Maintenance is completed for the evening.
Now we know the E1000 drivers broke in the 4.14.0 kernel and in the mainline kernel so not a bad patch from Canonical at fault but some bad juju in the mainline kernel.
Really hate it when they fart with a device driver for a device that has been out for at least 13 years, and break it. Argh!
Mx2 is back in service on Ubuntu Artful 17.10. I was unable to determine what they upgrade to 18.04 broke but was able to document the error and generated a ticket on Launchpad so Canonical is working on it.
Mx2 isn’t needed from a capacity standpoint, it is just there to provide redundancy for Mx1 to receive mail in the event Mx1 is down.
Tonight, I will be installing a test kernel onto the machine which hosts home directories and some virtual machines tonight and re-enabling hardware offloading.
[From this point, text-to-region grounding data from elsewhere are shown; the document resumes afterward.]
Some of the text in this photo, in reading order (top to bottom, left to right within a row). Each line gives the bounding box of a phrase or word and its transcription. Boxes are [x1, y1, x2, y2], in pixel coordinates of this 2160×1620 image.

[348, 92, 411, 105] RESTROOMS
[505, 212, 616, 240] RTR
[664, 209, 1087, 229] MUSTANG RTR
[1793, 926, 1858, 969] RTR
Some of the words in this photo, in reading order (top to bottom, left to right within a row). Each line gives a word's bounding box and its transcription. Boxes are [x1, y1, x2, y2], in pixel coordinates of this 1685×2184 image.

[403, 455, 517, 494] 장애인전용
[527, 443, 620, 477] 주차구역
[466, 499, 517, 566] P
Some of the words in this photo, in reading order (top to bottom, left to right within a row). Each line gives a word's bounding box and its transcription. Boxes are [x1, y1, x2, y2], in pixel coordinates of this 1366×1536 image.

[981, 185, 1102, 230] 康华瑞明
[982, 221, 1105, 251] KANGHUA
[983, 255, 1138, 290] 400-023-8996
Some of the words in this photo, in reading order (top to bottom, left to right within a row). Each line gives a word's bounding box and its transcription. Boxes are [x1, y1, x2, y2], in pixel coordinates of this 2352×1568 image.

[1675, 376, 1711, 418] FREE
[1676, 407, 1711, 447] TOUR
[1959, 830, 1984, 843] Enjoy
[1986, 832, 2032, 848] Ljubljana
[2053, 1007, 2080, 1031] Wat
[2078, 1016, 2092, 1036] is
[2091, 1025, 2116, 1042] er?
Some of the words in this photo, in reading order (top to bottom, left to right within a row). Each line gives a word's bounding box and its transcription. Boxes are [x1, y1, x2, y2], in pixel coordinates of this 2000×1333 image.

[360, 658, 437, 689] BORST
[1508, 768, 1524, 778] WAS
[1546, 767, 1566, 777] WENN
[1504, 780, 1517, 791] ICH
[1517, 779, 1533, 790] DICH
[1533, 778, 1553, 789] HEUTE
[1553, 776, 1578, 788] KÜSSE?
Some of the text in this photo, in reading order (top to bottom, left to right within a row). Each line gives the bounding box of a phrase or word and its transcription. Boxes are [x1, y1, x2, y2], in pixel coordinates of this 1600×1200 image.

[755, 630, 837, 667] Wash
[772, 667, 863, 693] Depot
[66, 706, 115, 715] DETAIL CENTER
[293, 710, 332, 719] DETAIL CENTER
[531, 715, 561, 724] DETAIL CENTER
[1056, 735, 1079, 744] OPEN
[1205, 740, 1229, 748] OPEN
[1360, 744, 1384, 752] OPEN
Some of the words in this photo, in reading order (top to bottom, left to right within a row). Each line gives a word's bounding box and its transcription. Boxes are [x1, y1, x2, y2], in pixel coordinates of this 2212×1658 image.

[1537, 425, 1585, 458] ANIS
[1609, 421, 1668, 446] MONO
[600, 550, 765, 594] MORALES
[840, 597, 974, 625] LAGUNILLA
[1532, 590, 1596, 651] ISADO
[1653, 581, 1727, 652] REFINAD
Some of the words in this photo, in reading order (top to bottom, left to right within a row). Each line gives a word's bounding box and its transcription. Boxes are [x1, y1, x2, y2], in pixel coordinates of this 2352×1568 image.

This is in order to determine exactly what kernel broke the E1000 drivers so they can look between the last working kernel and the one that broke it and figure out which change caused the problem.
This means we will be back in a state where there may be pauses and NFS problems again but only temporary so they can determine which kernel, fix it, and be back to where we can have it work with the performance of hardware offloading.
Because almost everything depends upon access to home directories, this will break pretty much all services for a hopefully brief period.
Mx2 is down for all practical purposes. I have the SMTP ports firewalled off so that I can upgrade this server to 18.04 LTS and compare to mx1 on 17.10 and figure out what is different that is breaking lists. 17.10 is only supported until July so I can’t just wait and hope that someone else fixes it.
I was able to stop the Ethernet hang by disabling some some of the hardware offload functions of the Ethernet chip. So things are stable again with current kernels. This comes at the expense of some performance but not a lot as I was able to leave CRC32, which is more CPU consuming than just moving the data, enabled.
Things went south in a big way. The new kernel they provided caused so many other I could not let it run long enough to see if it fixed the problem because it broke NFS, broke the console, broke the mouse. Getting the system back up on the old kernel was a challenge.
There was another experimental kernel in the developers repository. I am running on it now. It does not fix the problem but it provides much more detailed diagnostics that hopefully will enable that process.
It is 6:30AM now, so I will not be available until after around 3pm this afternoon. Please feel free to leave a message or mail and I will get back to you as soon as possible.
Commencing shortly after midnight and lasting anywhere from 15 minutes to several hours, depending upon how smooth things go, There is a problem with the 3.15.0 kernel drivers for E1000 Ethernet chips which my machines happen to use that causes them to periodically hang for about ten seconds. Most people will experience this as pause in I/O but some non-Linux versions of ssh will timeout and disconnect. I have been working with Canonical to come up with a fix. The first kernel they provided did improve the situation so that it happened a few times a day instead of a few times an hour. They have another kernel for me to try.
So tonight, I will be installing that kernel and rebooting to make it active. I am going to attempt this remotely but in the past sometimes network would not come up after a reboot and if that happens I will need to drive down to the co-lo facility and it will take longer. This will interrupt all services as it affects both the machines hosting the virtual machines and the NFS servers that hold your home directory, mail directory, and a few other common file systems.
I plan to start this work around 12:30AM and if things go well, I should be finished by 1AM, if not it may be as late as 3AM Pacific time.